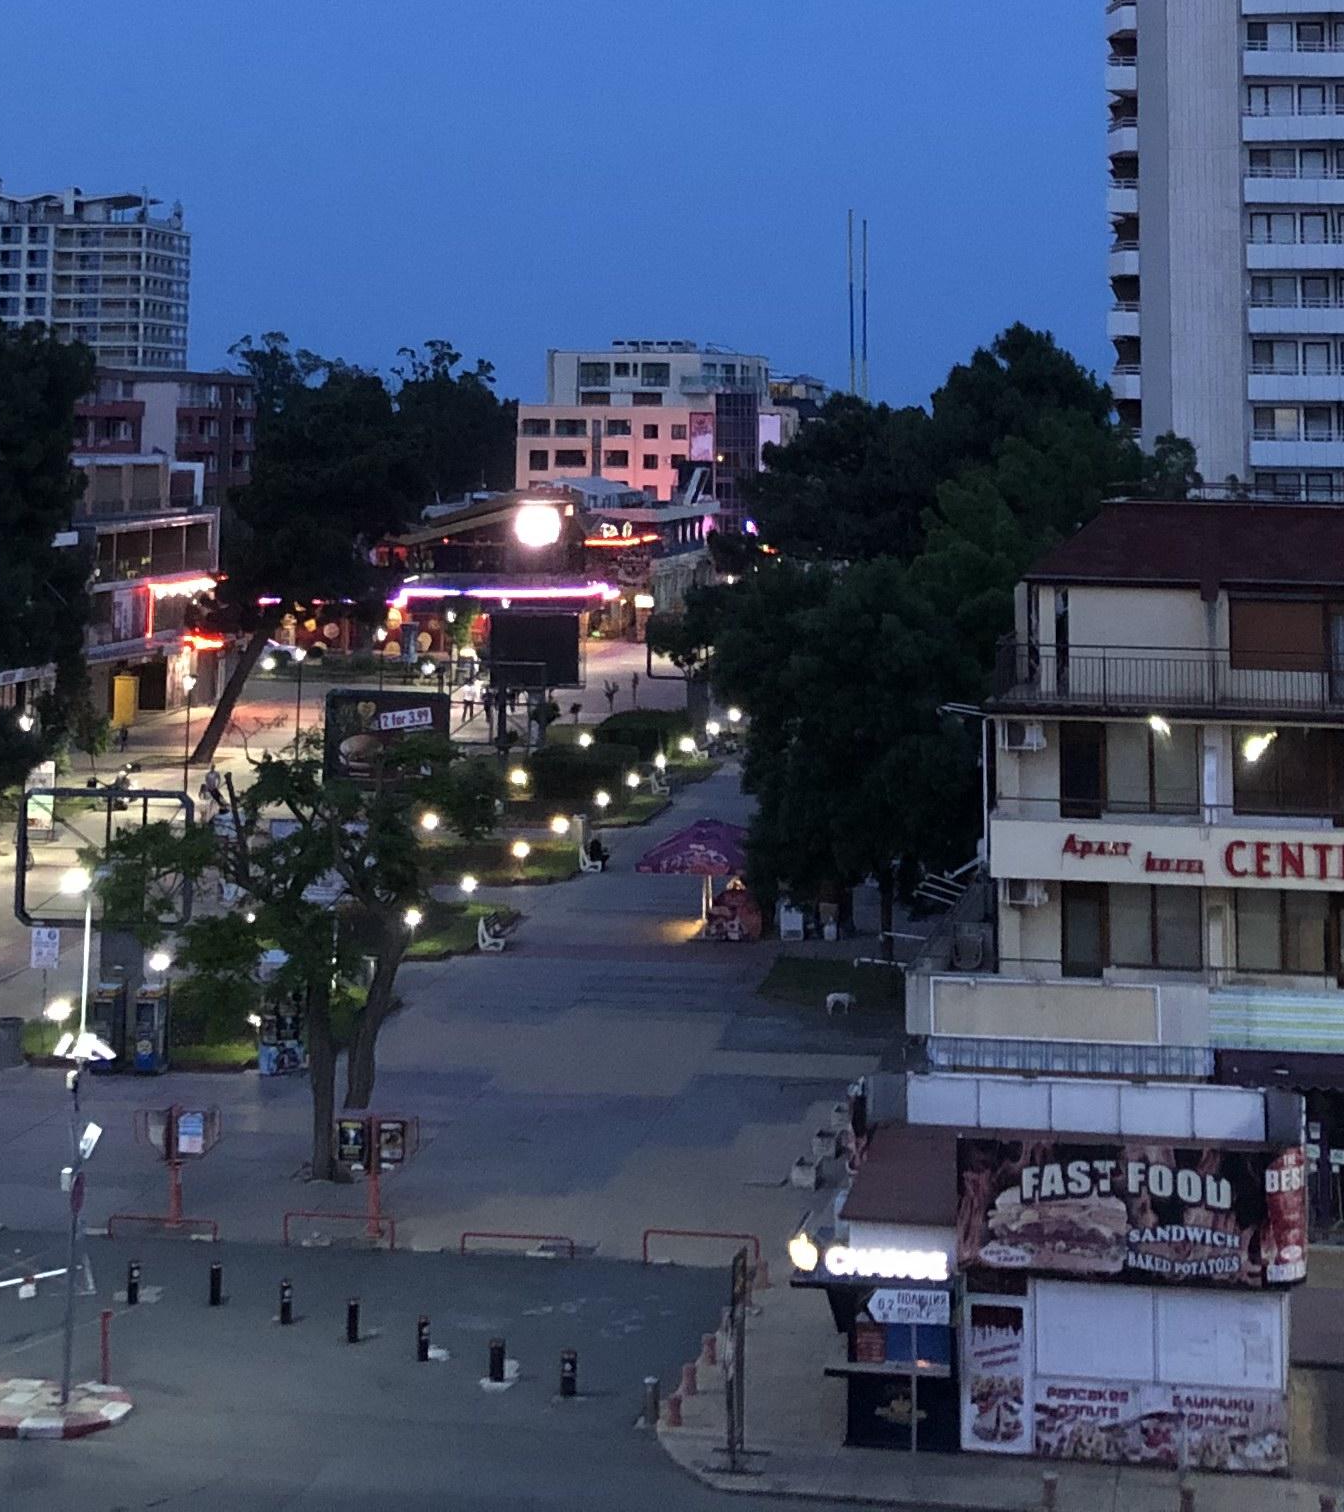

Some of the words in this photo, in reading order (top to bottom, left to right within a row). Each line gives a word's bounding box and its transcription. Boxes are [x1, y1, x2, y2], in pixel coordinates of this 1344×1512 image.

[1021, 1159, 1117, 1200] FAST
[1127, 1160, 1233, 1210] FOOD
[1128, 1224, 1241, 1249] SANDWICH
[1127, 1250, 1172, 1273] BAKED
[1174, 1254, 1241, 1277] POTATOES
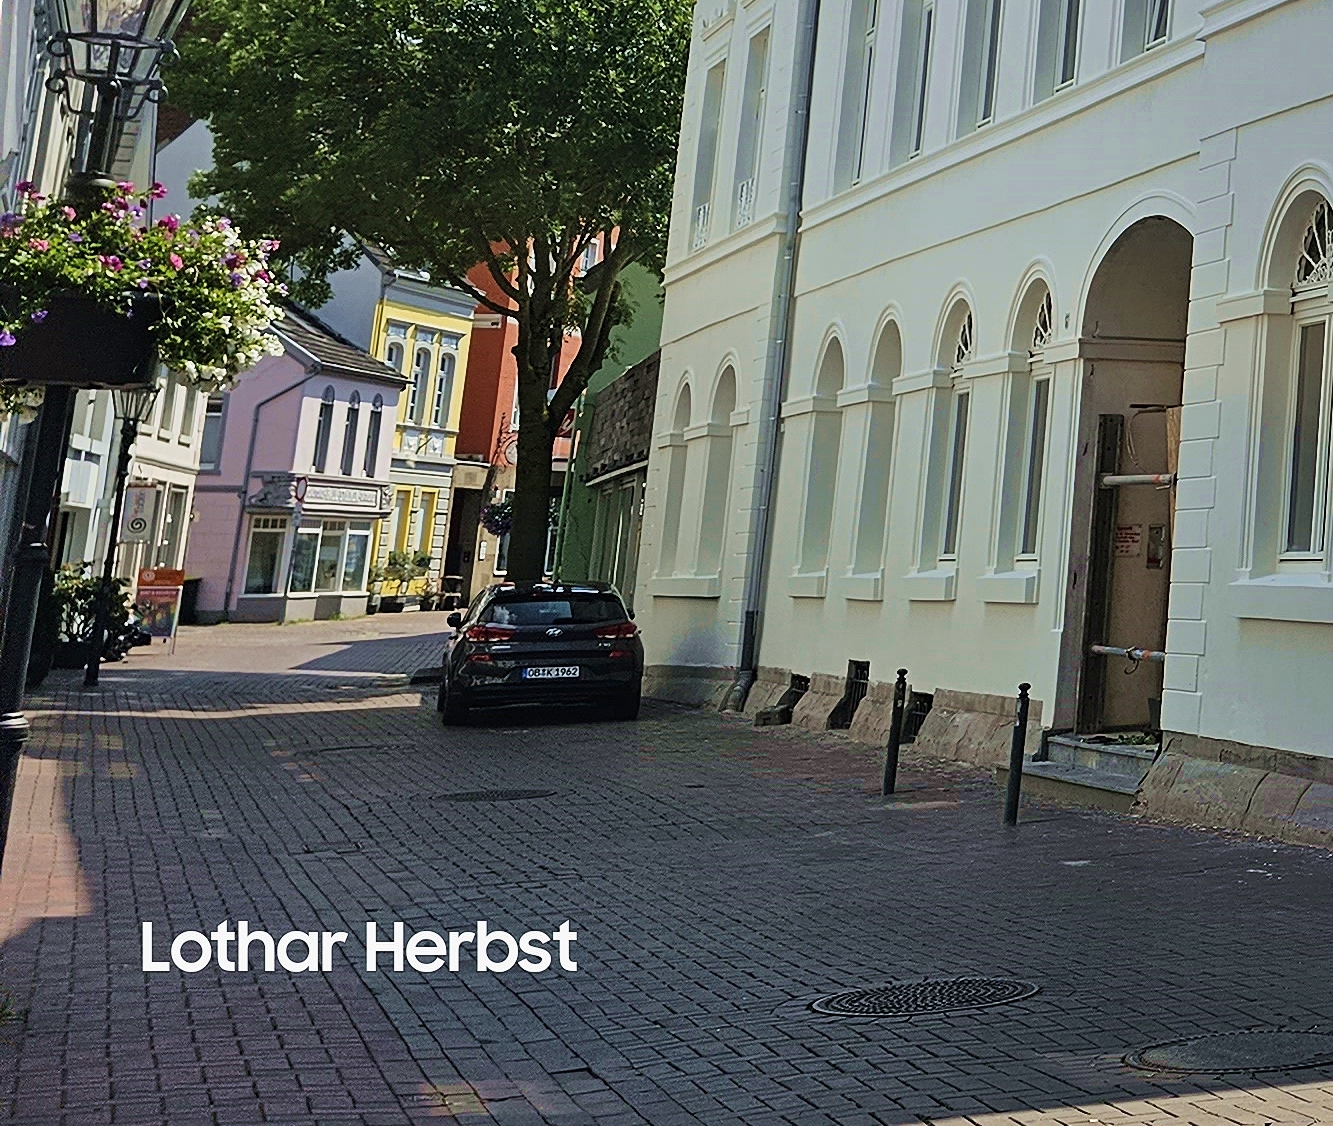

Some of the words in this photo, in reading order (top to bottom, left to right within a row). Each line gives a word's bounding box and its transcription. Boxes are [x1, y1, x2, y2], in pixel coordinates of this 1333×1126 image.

[528, 668, 541, 677] OB
[546, 668, 553, 676] K
[554, 667, 578, 676] 1962
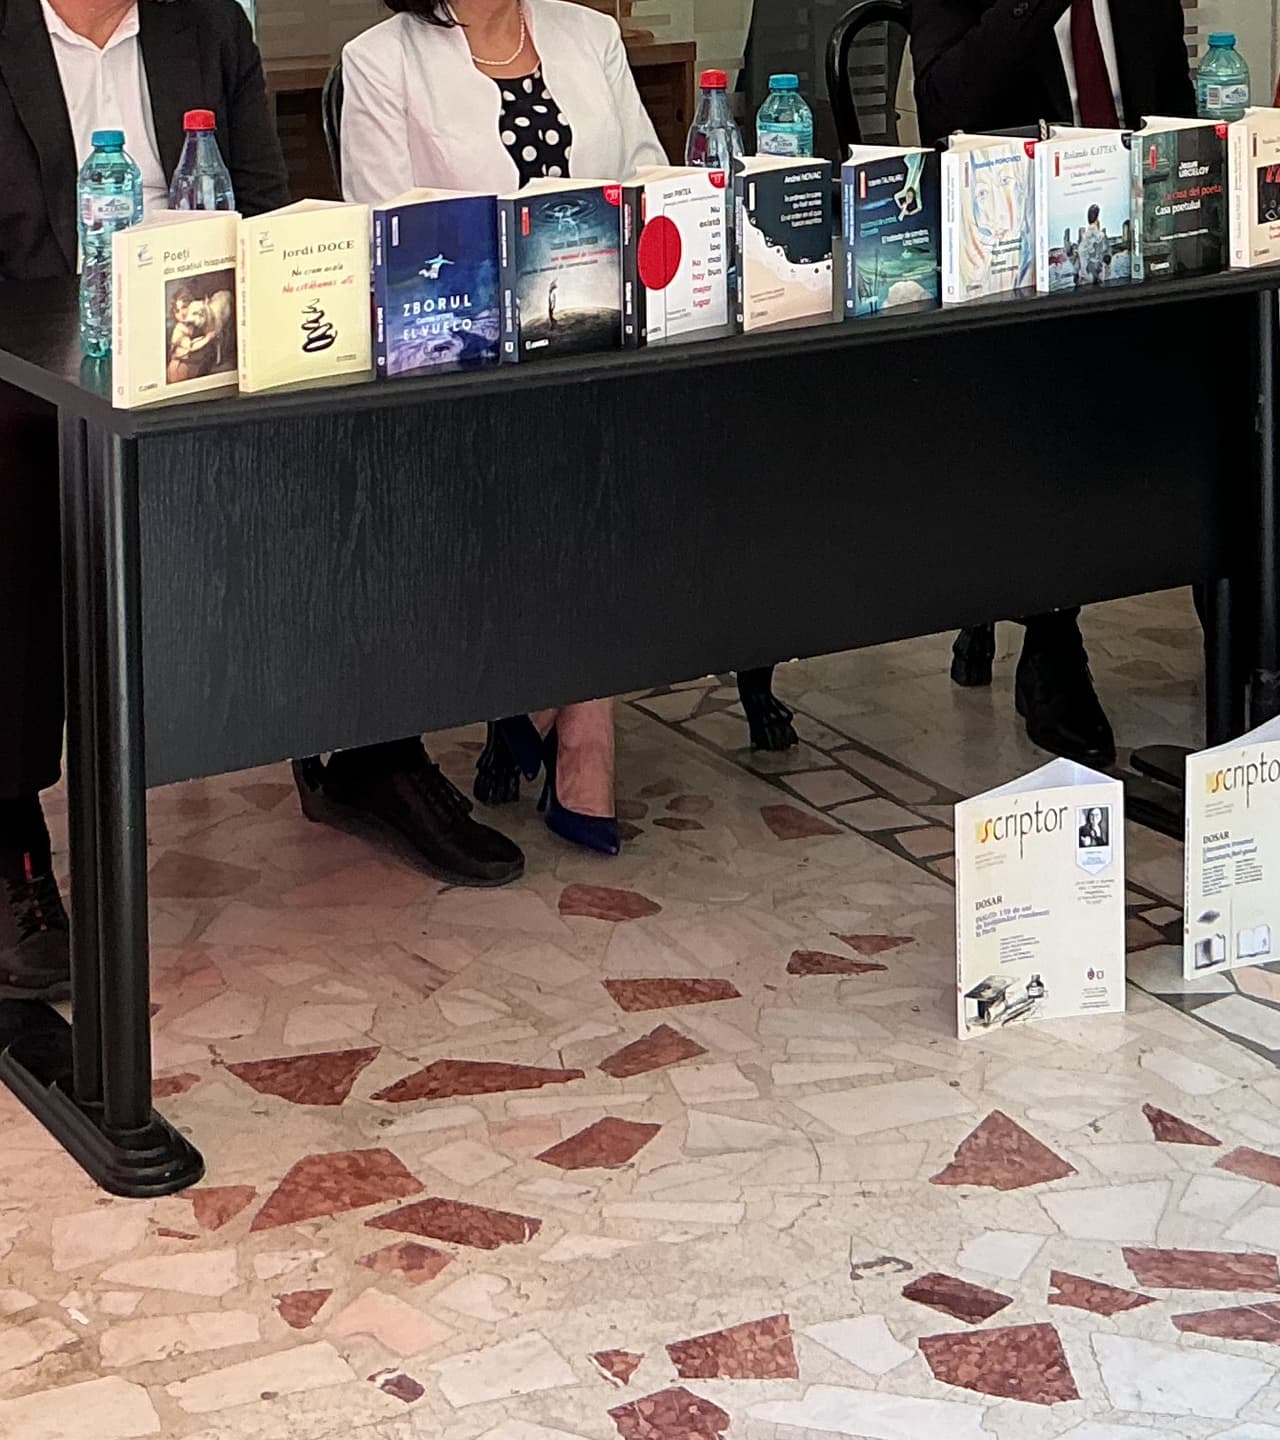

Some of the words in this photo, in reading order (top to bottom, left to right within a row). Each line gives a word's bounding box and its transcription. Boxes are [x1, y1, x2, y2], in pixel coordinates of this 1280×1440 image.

[283, 245, 313, 260] Jordi
[318, 240, 354, 253] DOCE
[403, 294, 472, 317] ZBORUL
[980, 798, 1068, 859] scriptor
[1203, 830, 1230, 844] DOSAR
[975, 895, 1003, 911] DOSAR

□ □ □ □ □ □ □

* ASSIGNED TASK:
In the records above, return precisely the line containing "this 1280×1440 image." and each line that comes after it, up to the final one.

* ANSWER AREA:
Some of the words in this photo, in reading order (top to bottom, left to right within a row). Each line gives a word's bounding box and its transcription. Boxes are [x1, y1, x2, y2], in pixel coordinates of this 1280×1440 image.

[283, 245, 313, 260] Jordi
[318, 240, 354, 253] DOCE
[403, 294, 472, 317] ZBORUL
[980, 798, 1068, 859] scriptor
[1203, 830, 1230, 844] DOSAR
[975, 895, 1003, 911] DOSAR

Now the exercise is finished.